Think about these two modules as a 2-step lookup table:

1) mapping tokens to integers (as we saw previously by using the tokenizer)
2) mapping integer to vectors (learnt during the training phase)

### Transformer blocks

After having your tokens as vectors, you would expect to work with a tensor $x_0$ of shape `[batch, seq_len, d_model]` where :

- `batch` is the dimension referring to the number of sequences that are being processed at the same time
- `seq_len` is the length of each sequence in the batch, thus how many tokens it contains.
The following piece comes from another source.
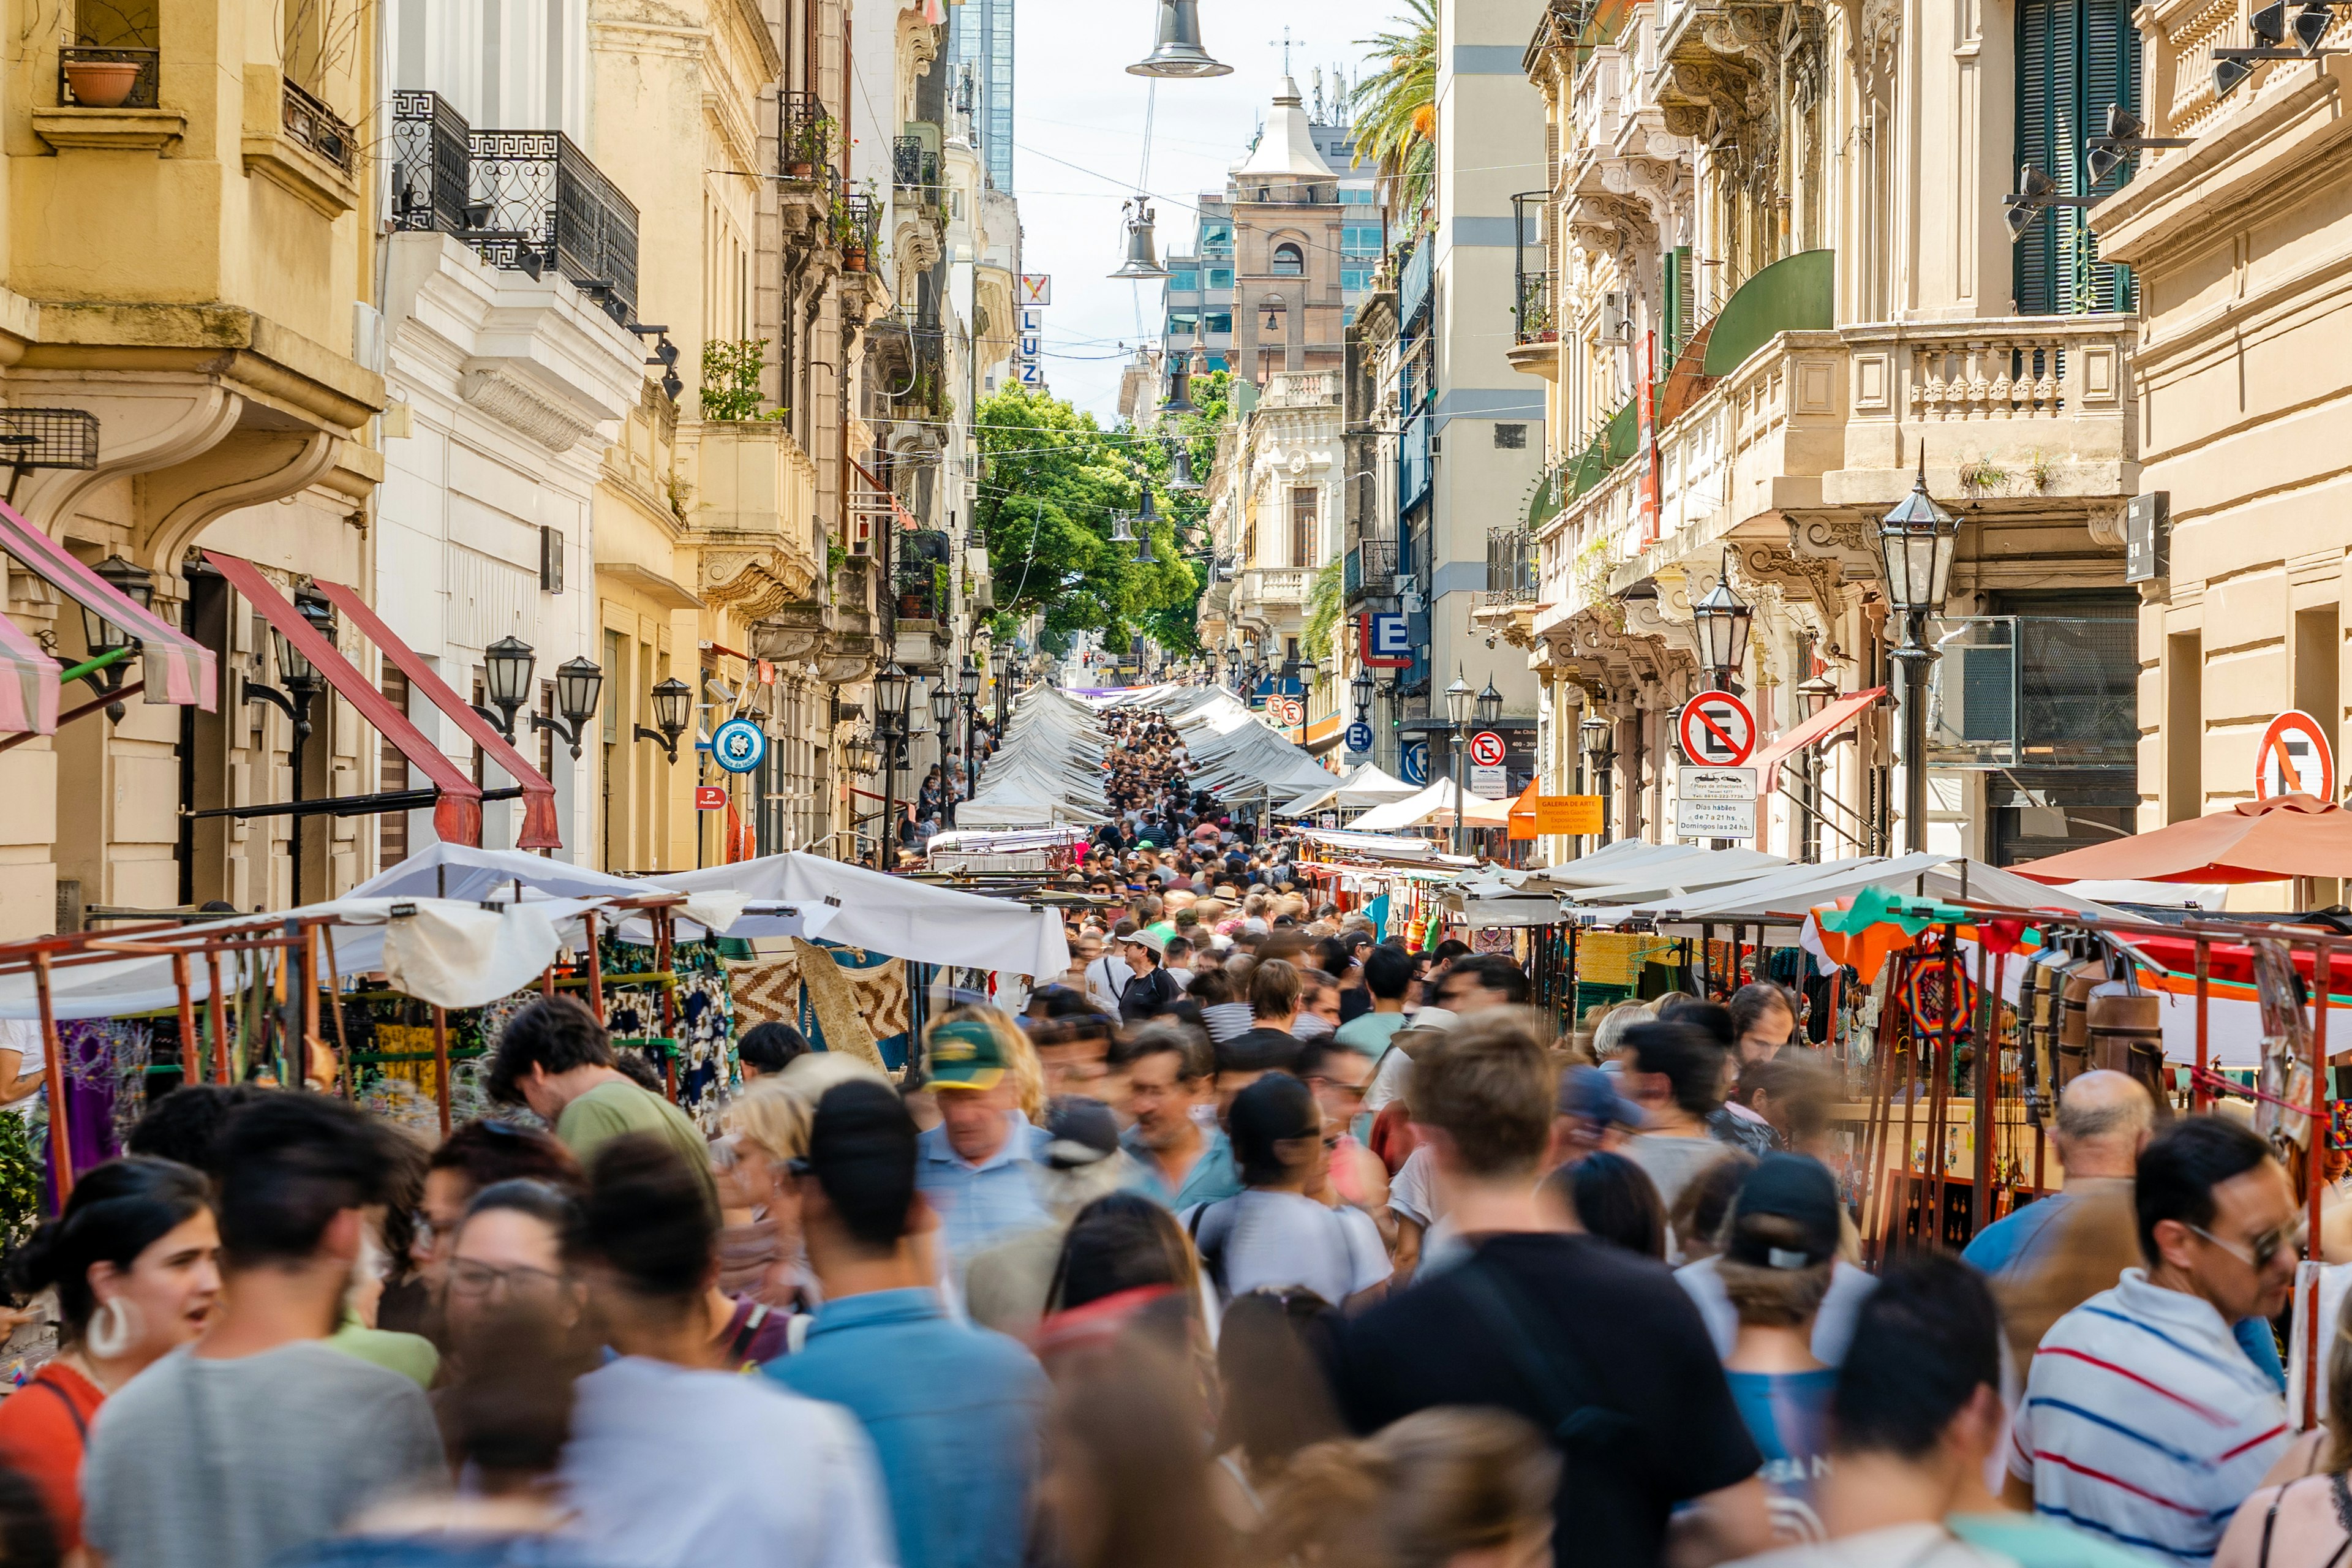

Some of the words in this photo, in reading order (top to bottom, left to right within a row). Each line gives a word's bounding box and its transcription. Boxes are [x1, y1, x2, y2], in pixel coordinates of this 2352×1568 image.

Usually, you will have to make every sequence of the same length to allow for this batching to work.
- `d_model` is the length of embedding vectors as processed by the model, you can refer to this as `hidden_size` too

This tensor will enter a series of Transformer blocks containing attention heads followed by MLP.

**Attention**. These modules have the power of moving information from *prior* positions to the current token. Note that you are dealing with causal attention, thus a token at position $i$ *cannot* give attention to tokens at positions greater than $i$ (although it can *receive* attention from them). Each attention layer has `n_heads` attention heads with distinct attention patterns, indicating how much attention a token $i$ (*destination* token) give to previous tokens $j$ with $j<i$ (*source* tokens). Note: if this terminology is strange, ask the lecturer to explain it again!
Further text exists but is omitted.